Please write out every line of the listing without alteration, but omit the images.

Exercise data:
○ ○ ○ ○ ○ ○ ○
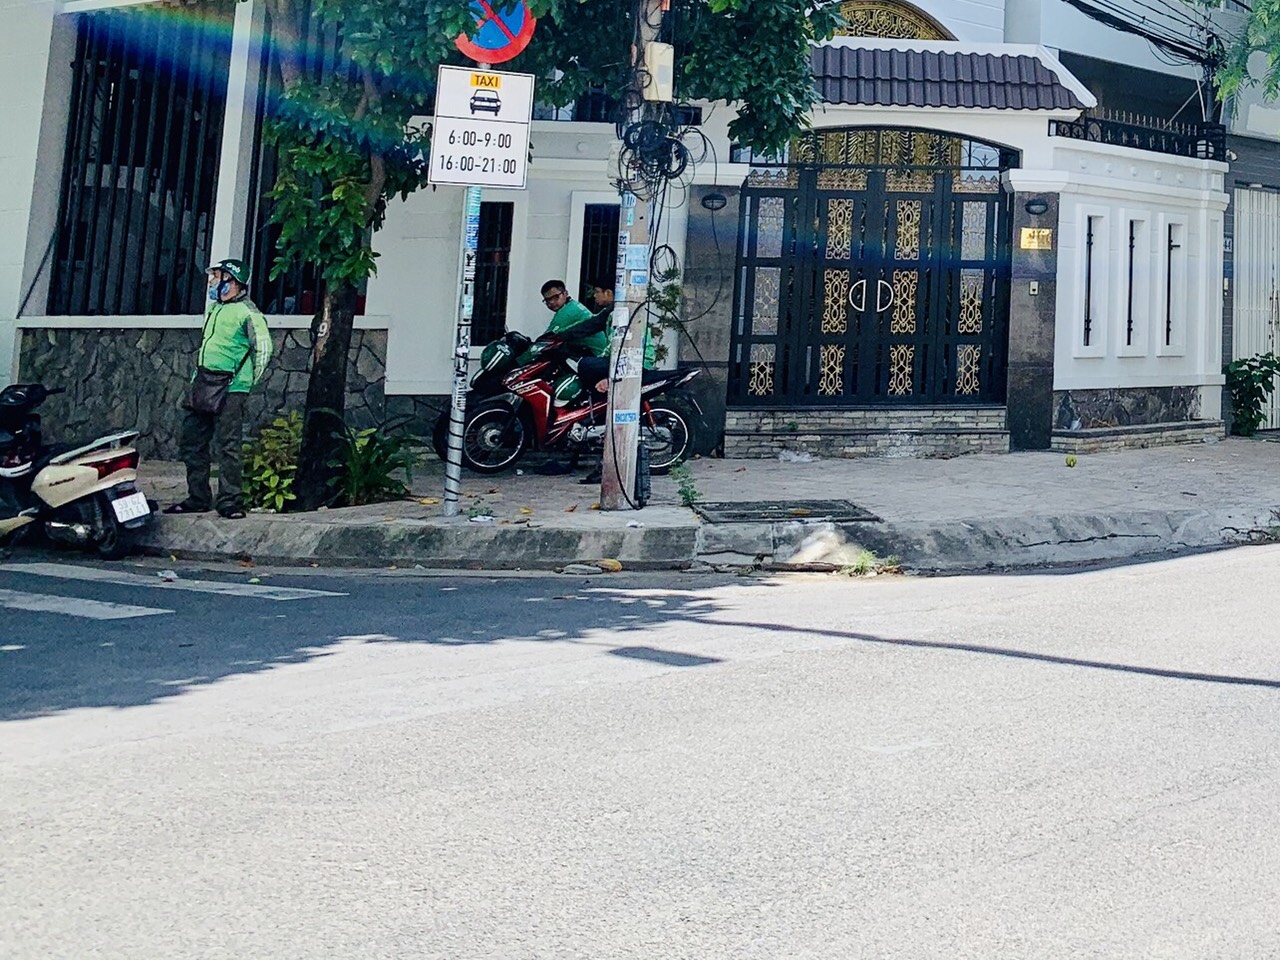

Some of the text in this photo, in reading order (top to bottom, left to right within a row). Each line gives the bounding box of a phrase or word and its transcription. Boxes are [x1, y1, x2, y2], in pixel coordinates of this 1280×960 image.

[475, 75, 499, 87] TAXI
[448, 129, 512, 149] 6:00-9:00
[439, 154, 517, 175] 16:00-21:00
[226, 262, 241, 273] Grab
○ ○ ○ ○ ○ ○ ○
Output below:
Some of the text in this photo, in reading order (top to bottom, left to right within a row). Each line gives the bounding box of a phrase or word and its transcription. Boxes are [x1, y1, x2, y2], in pixel coordinates of this 1280×960 image.

[475, 75, 499, 87] TAXI
[448, 129, 512, 149] 6:00-9:00
[439, 154, 517, 175] 16:00-21:00
[226, 262, 241, 273] Grab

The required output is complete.